ローラの部屋があったのに、ユノは相変わらず俺の傍に来た。
仕方なくベッドに空きを作り入れると、再びユノが言う。
「アークさん、手を貸して下さい。これが最後です。そしてこれを持ってて下さい」
「最後? なんだよこれ……?」
「お守りです。アークさんに持っていて欲しいんです」
ユノがくれたのは小さな袋。
中には透明な石が入っていた。
これまでにも何度かあった。
ベッドに入りユノに手を貸すと、いつの間にか眠っている。
俺はいつも通りに手を貸すと、やっぱり眠くなってきた。
ユノは何かをブツブツ呟くが、何を言ってるのか分からない。
「プ······更······ン······了」
やはり、気がつくと朝だった。
********************
俺はユノとデートしたり、親父たちと食事したりして休みを満喫していた。
そして、ついに6匹目の緑龍が見つかった。
驚くことに6匹目の緑龍と7匹目の白龍は同時に発見されたので、緑龍を討伐したらそのまま白龍の巣へ向かうことになった。
俺は支度をしていつもの馬車へ。
ユノも当然一緒だ。正直なところ家にいて欲しいけど。
勇者とシャオたちは俺と殆ど話さない。
事務的な会話はするが、それすら面倒くさいという感じだった。
緑龍の住処に向かうと、馬車の中は相変わらず勇者ラブの会話が繰り広げられていた。
「アークさん、辛い?」
「え?」
「彼女たち、許せない?」
まるで見透かすような眼差し。
その質問は俺の心を探るようで、俺はその瞳に吸い込まれそうな気がした。
シャオたちを許せない気持ちは確かにある。
だけど、俺は諦めきれない。小さい頃からずっと一緒だったのに、ぽっと出の勇者に全て奪われたことを認められないのかもしれない。
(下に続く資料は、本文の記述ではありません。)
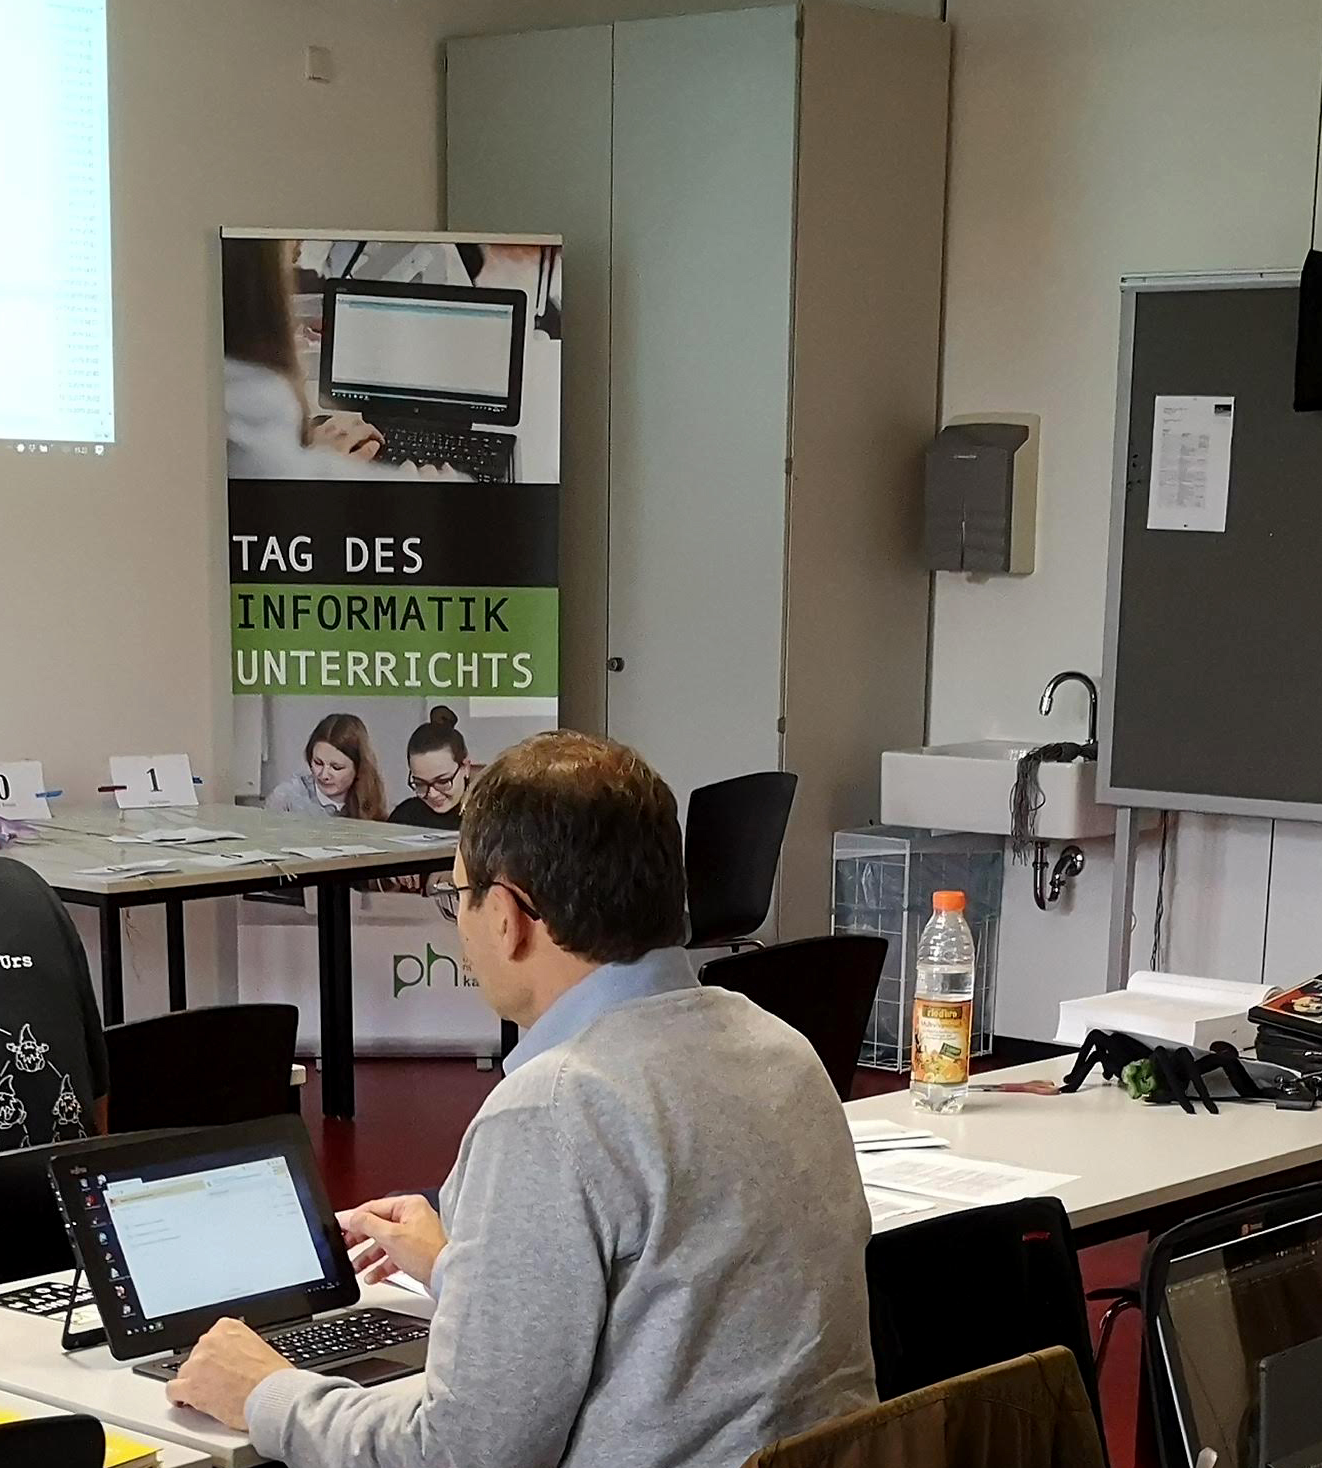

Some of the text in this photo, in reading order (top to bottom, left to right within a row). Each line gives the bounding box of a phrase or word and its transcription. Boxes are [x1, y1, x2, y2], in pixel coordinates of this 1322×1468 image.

我ながら現実を見ていない。勇者が現れて1年にもなるのに。
俺は俯いていると、ユノが言う。
「アークさん、緑龍を倒したら大事なお話があります」
「話? 今じゃダメなのか?」
「はい。2人きりでお願いします」
いつになく真剣なユノ。
俺は首を傾げつつ、緑龍の住処へ向かう。
緑龍の住処は小さな森を抜けた先にある岩石地帯で、森の中はユノのスキルで魔獣は現れないはずだった。
そう、魔獣は。
「な、な、な······なんで、緑龍が⁉」
だからこそ、森の中に緑龍が居るなんて考えもしなかった。
********************
俺は馬車を止め、叫んだ。
「緑龍だ‼ 降りろっ‼」
勇者たちはようやく気付き外を見る。
目の前に居たのはガマガエルに翼が生えた化物。
口を大きく開け、何かを放とうとしている。
「盾よっ‼」
俺は3枚の盾を展開し、馬車を守るように前に並べる。
だが、龍の前には無意味だ。精々時間稼ぎ。
だからこそ俺はユノを抱きしめ、馬車から飛び降りようとして……聞いた。
「アーク、そのままだっ‼」
【ルート3】**********************
やかましい。
とにかくユノだけは守ってみせる!!
「ユノっ‼」
「アークさんっ」
次の瞬間、緑龍のブレスが俺とユノを襲い、俺の盾が粉砕される。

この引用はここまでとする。